I glanced at the two coins and ten-dollar bill. Then I chuckled. “You’re either optimistic as hell or resigned to a shit tip.” I shoved my ID back in my wallet.
“Resigned. You don’t strike me as a big tipper.”
“Maybe you should try harder, or at least even the odds.” I nodded toward the ten and half smiled. “Break that bill up.”

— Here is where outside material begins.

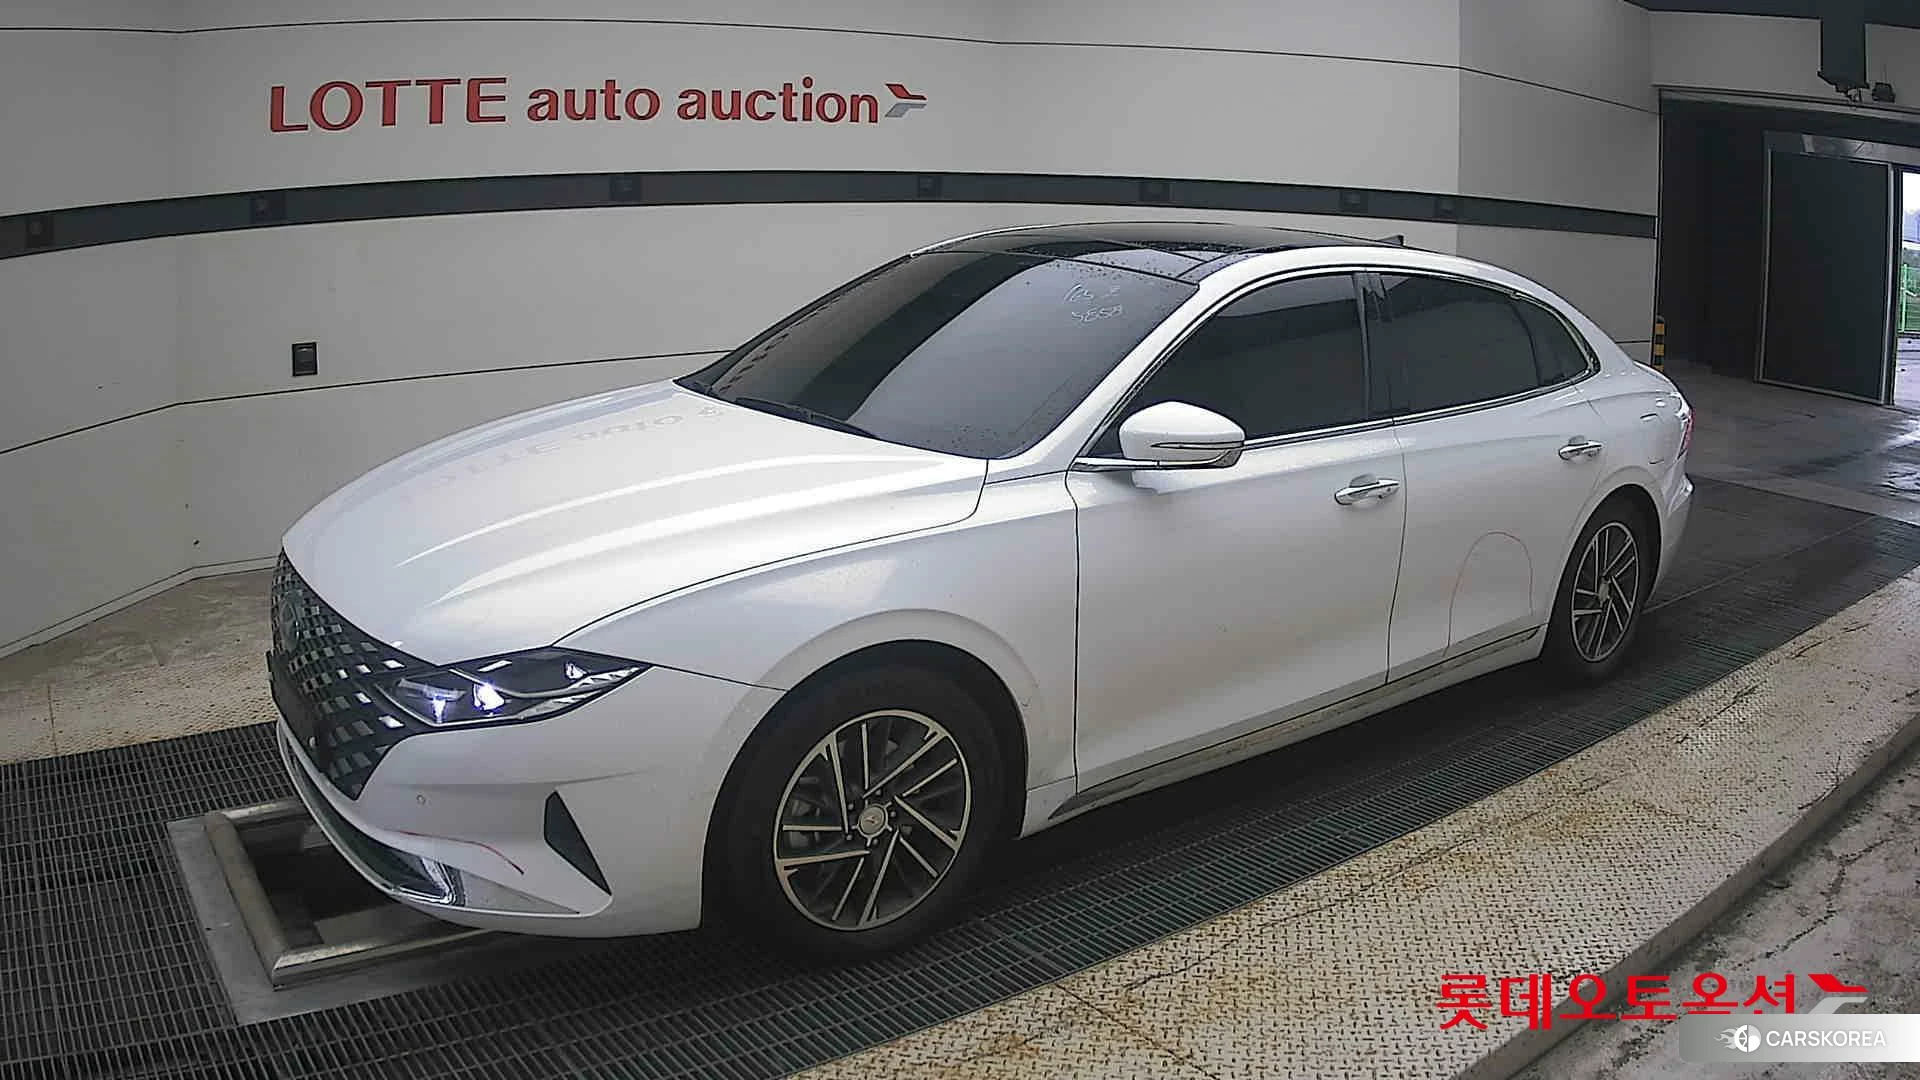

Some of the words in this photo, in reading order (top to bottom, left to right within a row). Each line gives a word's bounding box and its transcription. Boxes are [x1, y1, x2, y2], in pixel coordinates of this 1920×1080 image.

[270, 77, 507, 133] LOTTE
[527, 79, 661, 121] auto
[677, 77, 879, 123] auction

“I’ll take my chances.” No humor in his tone, he moved down the bar toward a couple dudes in suits.
I smelled her before I saw her.
“Bartender?”
Exotic like a tropical breeze, but not sweet, the spice of an expensive woman’s perfume settled around me. Mildly curious but not planning on doing a damn thing about it, I looked up from my Bud.
And fucking froze.
No.
Damn.
Way.
A hundred emotions washed over me, not the least of which was relief.
Fallon Amherst.
Standing right next to me.
I couldn’t help it, I grinned. “Hi.”
“Not interested,” she clipped in a voice made for sex as she avoided looking at me and held her hand up to the prick behind the bar who was busy ignoring her.
“Fair enough.” I whistled at the bartender.
When he glanced over, he looked pissed as hell, but he came toward us. “Like I said, resigned.” He took my ten. “Another painfully American beer coming right up.”
Unfazed, because it suddenly felt like my luck had gone from shit to level ten lottery, I was still smiling. “Not me, whatever the lady wants.” I pulled out my wallet and tossed another twenty on the bar.
Barely sparing me a glance, Fallon Amherst issued a demand in her sultry voice that’d been polished by years of good fortune. “White wine, preferably dry, and I will pay for my own drink, thank you.”